The SCN perspective has been useful in explaining the processes in intergroup relations and person perception generally, and in particular, the question of how individuals process faces from their own and other racial groups. This wiki examines the present research and future directions of a SCN approach to intergroup person perception.


Introduction

“Thus, to the uninitiated American all Asiatics look alike, while to the Asiatics, all White men look alike.”
Harvard Psychologist Gustave Feingold, 1914[2]

The idea that members of one’s own race are easily differentiated from each other, while members of other groups “all look alike” and are easily confused is a common lay belief. Research on recognition memory for same and other-race faces consistently demonstrates a Cross-Race Effect: participants have higher hit rates and lower false alarm rates for own-race faces, an effect that replicates across groups and experimental designs [3][4] .

What cognitive processes account for this effect? Some advocate a perceptual expertise account: greater contact with members of one’s own race leads participants to become “experts” in attending to differentiating information. There is some evidence that intergroup contact reduces the CRE[5] , but several studies have failed to replicate this effect [6]. Others argue for a motivational account: ingroup members are seen as more motivationally-relevant or important, leading participants to attend more to them. Evidence for this position come from situations when the CRE can be reversed: when other-race faces display cues signaling threat[7] (angry facial expression) or power[8] (status labels during presentation).

Race and the FFA: Evidence for perceptual expertise

Figure 1. Results from Golby et al., 2001

The first pass at understanding the neural substrates of race-differentiated face processing identified the Fusiform Face Area (FFA) as an ROI, since this area is critical for the recognition and correct identification of faces[9] . Golby and colleagues (2001)[10] presented participants with pictures of Black and White targets in an intentional encoding paradigm. Both Black and White participants experienced greater FFA activation for same-race relative to other-race faces. Furthermore, activation in the left fusiform cortex predicted memory for outgroup faces: the greater the activation for own-race versus other-race faces, the greater the cross-race effect.

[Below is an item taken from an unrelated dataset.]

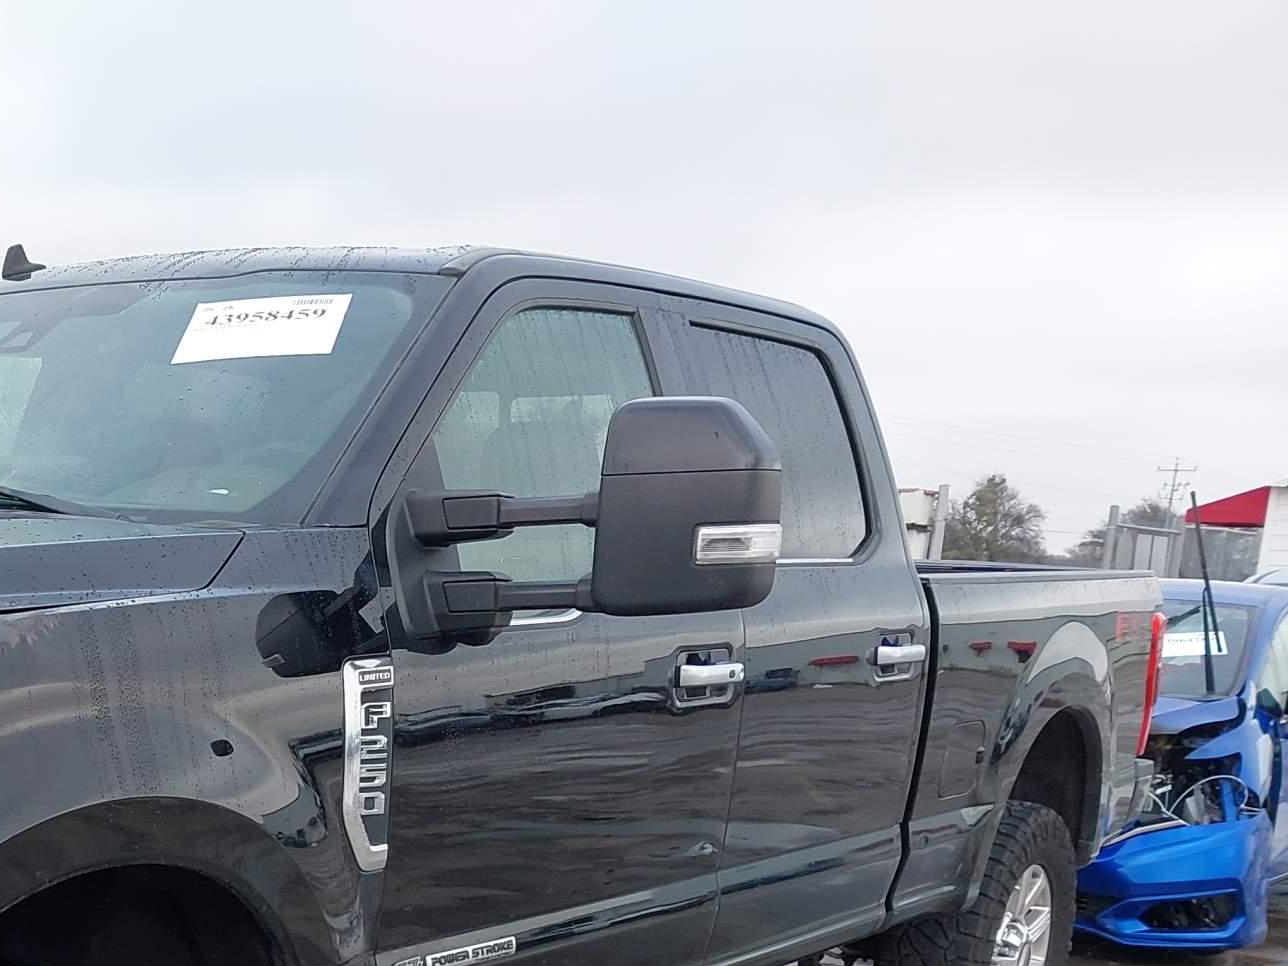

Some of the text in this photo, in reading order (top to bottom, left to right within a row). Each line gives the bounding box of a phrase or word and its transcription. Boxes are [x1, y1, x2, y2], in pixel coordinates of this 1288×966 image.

[204, 308, 327, 326] 43958459
[359, 670, 392, 682] LIMITED
[471, 939, 514, 959] STROKE

Converging evidence from a repetition suppression paradigm found greater adaption to own-race than other-race faces in N170, an ERP component sensitive to the encoding of faces [11]. Differential activation in N170 for own and other-race faces is moderated by social contact with members of other races, lending support to the social contact aspect of the expertise argument [12]. The recruitment of the FFA is consistent with an expertise-based account, as activation in this area has been linked to higher levels of exposure to various stimuli (e.g. birds among birdwatchers, novel “Greebles” after training) [13].

Beyond expertise?

Other observed effects are less plausible under an expertise explanation. For example, Whites show greater FFA activation for own versus other-race faces with “scrambled” facial features- faces Whites would be equally unlikely to encounter for either race [14]. Additionally, if the expertise hypothesis were true, we would expect that, since Blacks generally have more interracial contact with Whites than Whites have with Blacks, Blacks would show less of an own-race effect in the FFA; however, this is not the case[10]. Ultimately these are weak arguments against the expertise hypothesis, as one could argue that Whites still have more experience with White faces (regardless of features) than Black faces. Additionally, imaging studies with Black and White participants have not found group differences in intergroup contact.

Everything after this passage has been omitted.